__Exercise prompt__:
Repeat exactly the lines below, from the line containing "this 1344×1512 image." through the last line, both included. Leave out any pictures.
*** Begin section ***
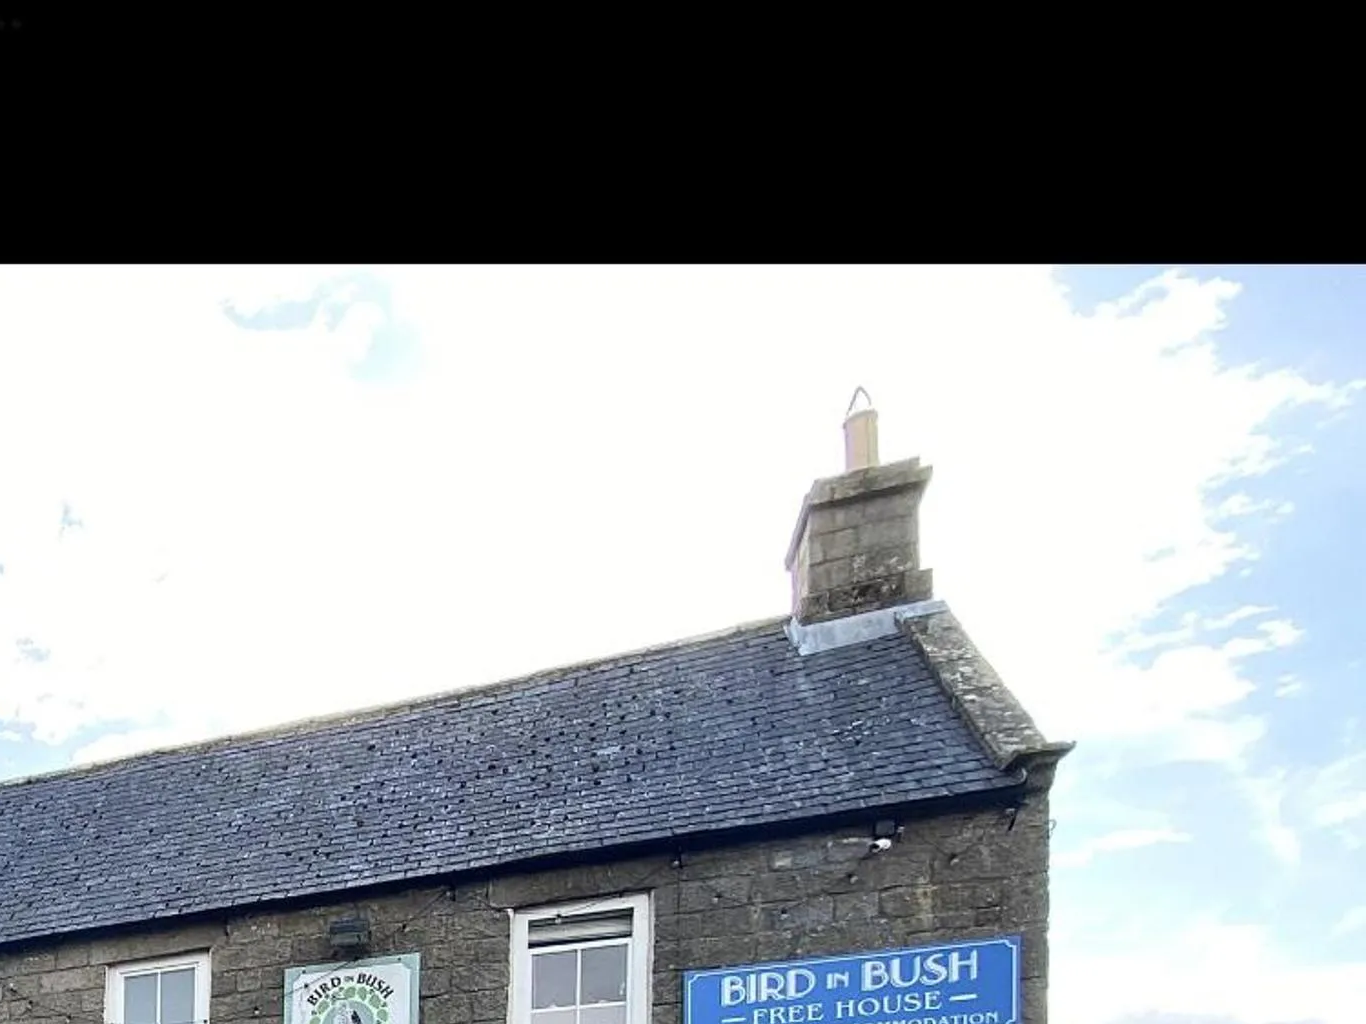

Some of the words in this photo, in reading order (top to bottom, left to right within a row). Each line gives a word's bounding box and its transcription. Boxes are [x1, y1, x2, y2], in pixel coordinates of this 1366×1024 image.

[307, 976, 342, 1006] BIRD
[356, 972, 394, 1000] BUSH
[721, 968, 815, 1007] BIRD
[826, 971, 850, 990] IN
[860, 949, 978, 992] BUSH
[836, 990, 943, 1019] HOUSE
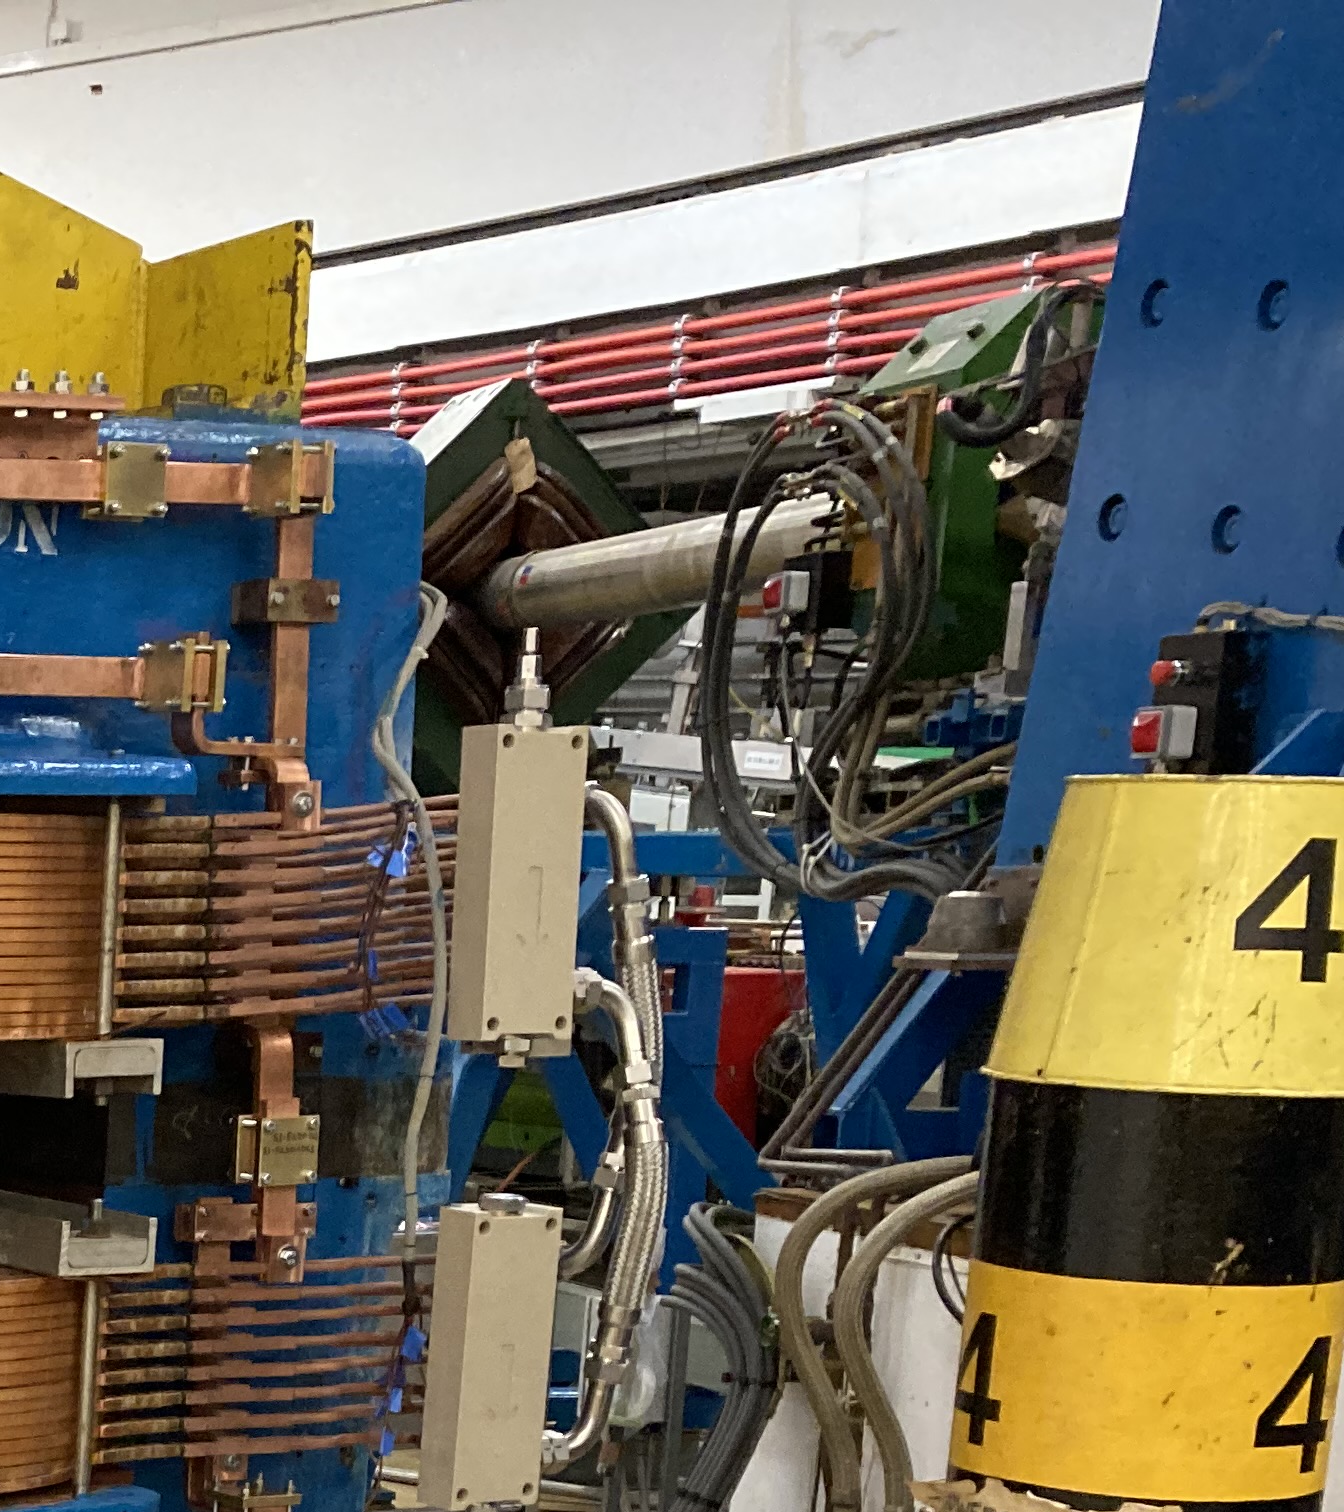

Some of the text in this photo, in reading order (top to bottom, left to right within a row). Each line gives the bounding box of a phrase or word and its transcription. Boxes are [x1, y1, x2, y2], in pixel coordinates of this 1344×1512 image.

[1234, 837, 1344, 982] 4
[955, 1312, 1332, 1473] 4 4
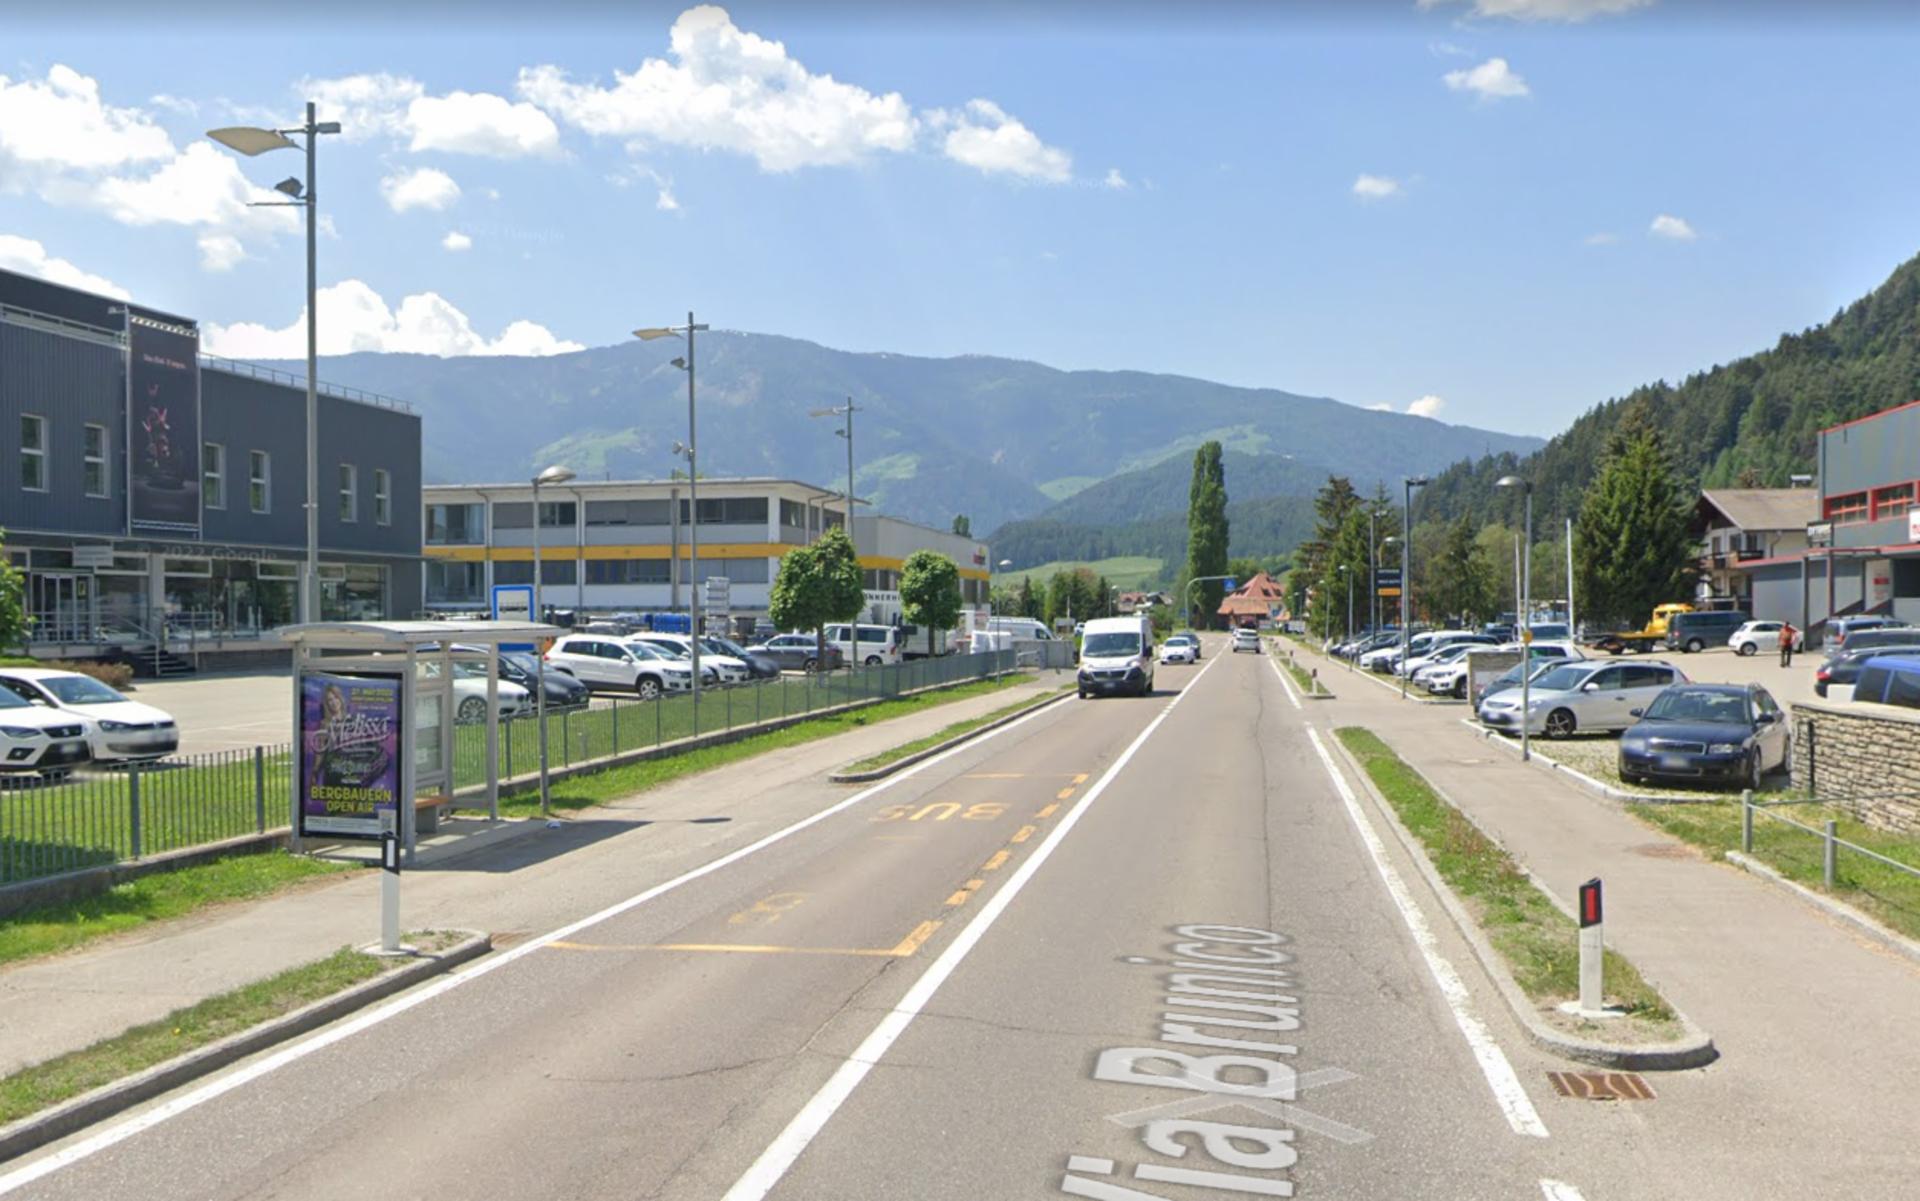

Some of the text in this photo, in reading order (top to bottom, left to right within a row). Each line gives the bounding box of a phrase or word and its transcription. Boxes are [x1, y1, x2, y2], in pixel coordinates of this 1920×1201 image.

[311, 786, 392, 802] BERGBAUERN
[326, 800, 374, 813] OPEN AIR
*** End section ***
__Exercise result__:
Some of the text in this photo, in reading order (top to bottom, left to right within a row). Each line gives the bounding box of a phrase or word and its transcription. Boxes are [x1, y1, x2, y2], in pixel coordinates of this 1344×1512 image.

[1234, 837, 1344, 982] 4
[955, 1312, 1332, 1473] 4 4

Some of the text in this photo, in reading order (top to bottom, left to right within a row). Each line gives the bounding box of a phrase or word and its transcription. Boxes are [x1, y1, x2, y2], in pixel coordinates of this 1920×1201 image.

[311, 786, 392, 802] BERGBAUERN
[326, 800, 374, 813] OPEN AIR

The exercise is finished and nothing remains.